• [ASSIGNMENT]:
Return each record exactly as it appears, so that nothing is dropped or altered.

• [THE DATA]:

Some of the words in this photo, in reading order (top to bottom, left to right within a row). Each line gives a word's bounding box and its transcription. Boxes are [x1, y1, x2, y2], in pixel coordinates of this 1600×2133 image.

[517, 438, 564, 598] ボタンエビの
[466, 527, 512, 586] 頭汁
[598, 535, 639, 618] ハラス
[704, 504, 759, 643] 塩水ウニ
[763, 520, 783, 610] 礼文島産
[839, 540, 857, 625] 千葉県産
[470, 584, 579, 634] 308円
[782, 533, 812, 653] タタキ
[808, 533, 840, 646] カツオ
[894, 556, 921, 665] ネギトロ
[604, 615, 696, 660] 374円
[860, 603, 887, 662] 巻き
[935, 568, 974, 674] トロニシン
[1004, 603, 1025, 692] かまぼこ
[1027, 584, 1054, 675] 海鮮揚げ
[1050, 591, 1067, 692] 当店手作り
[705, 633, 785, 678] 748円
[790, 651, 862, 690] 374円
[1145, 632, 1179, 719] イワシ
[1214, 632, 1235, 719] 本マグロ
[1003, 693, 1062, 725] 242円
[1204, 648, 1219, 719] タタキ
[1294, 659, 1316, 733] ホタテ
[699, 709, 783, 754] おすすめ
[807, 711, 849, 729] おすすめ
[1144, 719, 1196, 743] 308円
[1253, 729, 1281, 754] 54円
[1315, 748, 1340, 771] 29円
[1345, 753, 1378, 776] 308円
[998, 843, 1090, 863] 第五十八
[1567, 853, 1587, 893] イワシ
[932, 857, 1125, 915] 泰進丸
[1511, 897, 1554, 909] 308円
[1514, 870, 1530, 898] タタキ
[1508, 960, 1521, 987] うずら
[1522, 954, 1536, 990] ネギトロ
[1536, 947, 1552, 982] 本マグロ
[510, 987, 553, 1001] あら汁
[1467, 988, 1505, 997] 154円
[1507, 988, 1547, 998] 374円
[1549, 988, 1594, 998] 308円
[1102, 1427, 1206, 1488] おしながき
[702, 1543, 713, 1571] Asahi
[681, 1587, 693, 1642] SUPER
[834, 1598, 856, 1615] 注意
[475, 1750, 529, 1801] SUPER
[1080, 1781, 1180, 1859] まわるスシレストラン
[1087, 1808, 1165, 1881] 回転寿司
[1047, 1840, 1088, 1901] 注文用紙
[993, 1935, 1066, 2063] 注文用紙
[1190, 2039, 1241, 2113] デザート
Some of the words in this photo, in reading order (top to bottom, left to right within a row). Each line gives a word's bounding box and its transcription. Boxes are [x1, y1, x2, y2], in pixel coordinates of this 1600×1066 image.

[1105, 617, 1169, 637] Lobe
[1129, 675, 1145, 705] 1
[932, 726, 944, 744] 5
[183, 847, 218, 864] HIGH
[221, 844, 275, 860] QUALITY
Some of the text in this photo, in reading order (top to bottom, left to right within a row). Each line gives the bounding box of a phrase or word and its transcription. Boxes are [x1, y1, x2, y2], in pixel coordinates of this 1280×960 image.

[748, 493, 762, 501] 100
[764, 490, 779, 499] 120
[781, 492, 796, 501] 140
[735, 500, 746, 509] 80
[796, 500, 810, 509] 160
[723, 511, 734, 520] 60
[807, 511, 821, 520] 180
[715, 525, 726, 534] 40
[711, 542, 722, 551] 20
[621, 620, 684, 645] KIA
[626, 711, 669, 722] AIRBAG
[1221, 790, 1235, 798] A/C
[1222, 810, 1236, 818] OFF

• [ANSWER BOX]:
Some of the words in this photo, in reading order (top to bottom, left to right within a row). Each line gives a word's bounding box and its transcription. Boxes are [x1, y1, x2, y2], in pixel coordinates of this 1600×2133 image.

[517, 438, 564, 598] ボタンエビの
[466, 527, 512, 586] 頭汁
[598, 535, 639, 618] ハラス
[704, 504, 759, 643] 塩水ウニ
[763, 520, 783, 610] 礼文島産
[839, 540, 857, 625] 千葉県産
[470, 584, 579, 634] 308円
[782, 533, 812, 653] タタキ
[808, 533, 840, 646] カツオ
[894, 556, 921, 665] ネギトロ
[604, 615, 696, 660] 374円
[860, 603, 887, 662] 巻き
[935, 568, 974, 674] トロニシン
[1004, 603, 1025, 692] かまぼこ
[1027, 584, 1054, 675] 海鮮揚げ
[1050, 591, 1067, 692] 当店手作り
[705, 633, 785, 678] 748円
[790, 651, 862, 690] 374円
[1145, 632, 1179, 719] イワシ
[1214, 632, 1235, 719] 本マグロ
[1003, 693, 1062, 725] 242円
[1204, 648, 1219, 719] タタキ
[1294, 659, 1316, 733] ホタテ
[699, 709, 783, 754] おすすめ
[807, 711, 849, 729] おすすめ
[1144, 719, 1196, 743] 308円
[1253, 729, 1281, 754] 54円
[1315, 748, 1340, 771] 29円
[1345, 753, 1378, 776] 308円
[998, 843, 1090, 863] 第五十八
[1567, 853, 1587, 893] イワシ
[932, 857, 1125, 915] 泰進丸
[1511, 897, 1554, 909] 308円
[1514, 870, 1530, 898] タタキ
[1508, 960, 1521, 987] うずら
[1522, 954, 1536, 990] ネギトロ
[1536, 947, 1552, 982] 本マグロ
[510, 987, 553, 1001] あら汁
[1467, 988, 1505, 997] 154円
[1507, 988, 1547, 998] 374円
[1549, 988, 1594, 998] 308円
[1102, 1427, 1206, 1488] おしながき
[702, 1543, 713, 1571] Asahi
[681, 1587, 693, 1642] SUPER
[834, 1598, 856, 1615] 注意
[475, 1750, 529, 1801] SUPER
[1080, 1781, 1180, 1859] まわるスシレストラン
[1087, 1808, 1165, 1881] 回転寿司
[1047, 1840, 1088, 1901] 注文用紙
[993, 1935, 1066, 2063] 注文用紙
[1190, 2039, 1241, 2113] デザート
Some of the words in this photo, in reading order (top to bottom, left to right within a row). Each line gives a word's bounding box and its transcription. Boxes are [x1, y1, x2, y2], in pixel coordinates of this 1600×1066 image.

[1105, 617, 1169, 637] Lobe
[1129, 675, 1145, 705] 1
[932, 726, 944, 744] 5
[183, 847, 218, 864] HIGH
[221, 844, 275, 860] QUALITY
Some of the text in this photo, in reading order (top to bottom, left to right within a row). Each line gives the bounding box of a phrase or word and its transcription. Boxes are [x1, y1, x2, y2], in pixel coordinates of this 1280×960 image.

[748, 493, 762, 501] 100
[764, 490, 779, 499] 120
[781, 492, 796, 501] 140
[735, 500, 746, 509] 80
[796, 500, 810, 509] 160
[723, 511, 734, 520] 60
[807, 511, 821, 520] 180
[715, 525, 726, 534] 40
[711, 542, 722, 551] 20
[621, 620, 684, 645] KIA
[626, 711, 669, 722] AIRBAG
[1221, 790, 1235, 798] A/C
[1222, 810, 1236, 818] OFF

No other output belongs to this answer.